In several articles of this blog you can read that one of the challenges to overcome in our and in most healthcare systems is the excessive fragmentation in health care that inevitably leads to duplication of tests and other dysfunctions that create pockets of inefficiency and malfunction. Several proposals to improve the continuity of care and reduce fragmentation have been presented with the aim of improving the quality of citizen attention, increasing the effectiveness and efficiency of the system.
Time to Act-Urgent Care and A & E: the patient perspective) published in May 2015, which concludes that primary care emergency services should join with those of hospitals. In this regard, as early as 2013, Bruce Keogh, medical director of the NHS, made the same recommendation. it’s commented within 2015 report that joint placement services should include emergency physicians, family physicians, nurses, frailty care, palliative care and mental health teams. It’s also commented that pharmacists and dentists could also contribute to the efficiency and effectiveness of the service.
Although it’s not uncommon to hear that some activities of hospital emergencies should be passed on to primary care, this argument should not be the reason for reorienting urgent care. Any assistance act should be performed mostly by those who know how to do it best, those who have the means to do so and all at a reasonable cost. If we look at what happens in Catalonia, we see that emergency management followed a path that has focused on reducing fragmentation by improving coordination. This coordination has increased mainly through the promotion of the "061" telephone service which has centralized the management of emergencies and the mobilization of resources according to needs. The problem is that only a very small proportion of the demand made by citizens for emergency services has been guided (I prefer this term to "filtered") by "061". Another problem is that hospital and primary care services are contracted for different concepts: hospitals, as is well known, are financed by activity and primary care by providing the service (because they are available).
There are already different experiences in our environment in which the emergency service of the hospital and primary care share spaces and facilities (General Hospital of Vic, Consorci Sanitari de l'Anoia, among others). I haven’t yet found data that analyze this operating model, but on the basis that patients are classified according to their degree of urgency when they make the demand, following the Andorran model of triage, it’s obvious that the less serious cases are mostly derived to the primary care specialists who attend to a larger volume of patients, and the serious cases go directly to the second level of care. In this way, the outcome is that the rate of admission of patients visited by hospital professionals is higher than in fragmented systems and at the same time, professional empowerment and shared knowledge of professionals of the first and second level of care is encouraged.
Another variable to take into account is the waiting of patients in the emergency services. If patients are stratified according to their level of severity and more coherent and participatory circuits are made by different professionals, waiting time for the less serious cases decreases while their satisfaction increases and at the same time if a patient must be evaluated by Hospital professionals, referral is much more agile.

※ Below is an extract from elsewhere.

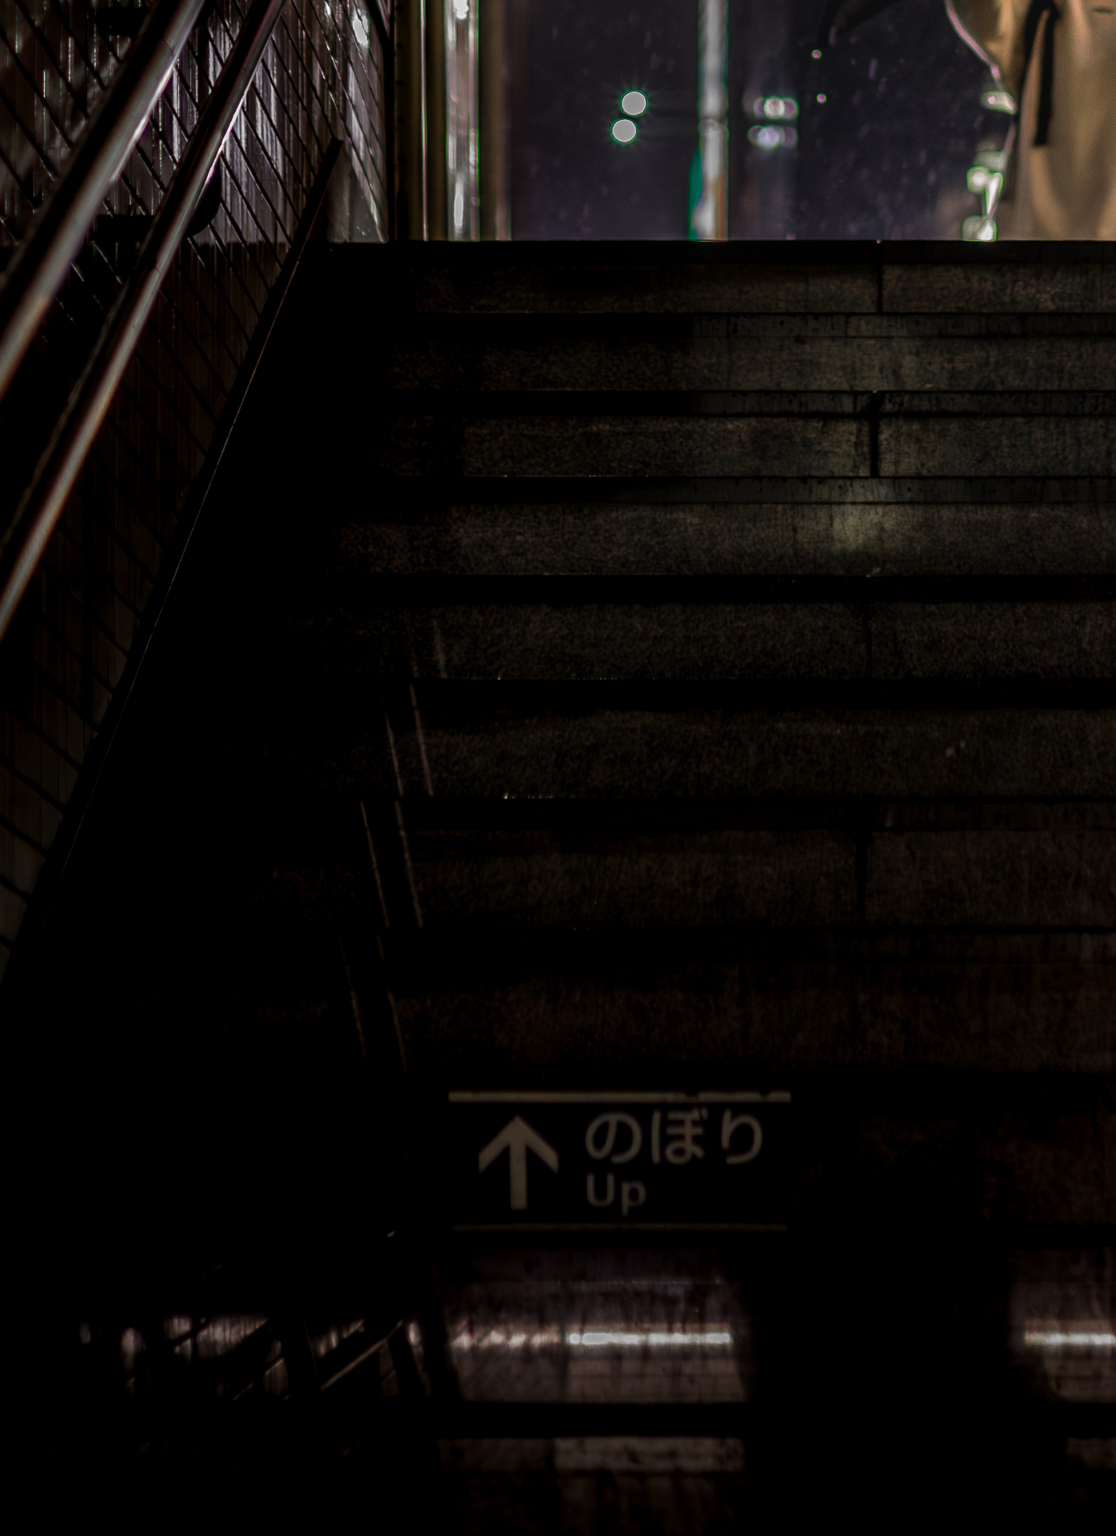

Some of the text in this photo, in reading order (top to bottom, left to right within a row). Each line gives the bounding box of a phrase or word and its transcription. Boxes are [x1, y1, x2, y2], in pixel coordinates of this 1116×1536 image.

Although the above is a possible solution, there are others. For example, an integrated hospital-primary care program for the management of patients with heart failure in an area of more than 300,000 inhabitants of the city of Barcelona. Heart failure is the most frequent cause, along with respiratory failure, of consulting the hospital emergency services and admission. Once the results were analyzed, the study concluded that this model was associated with a significant reduction in patients' morbidity and mortality. The key to the success of the project lies in pro-activity, multi-discipline, the use of non-physical care and the empowerment of the patients and their families. There are other examples that demonstrate, in the environment of mental illness, that the benefit of co-localization of the primary care and the mental health specialist also bring added value to medical care, and this has also been the case in different experiences aimed at improving health care for older patients.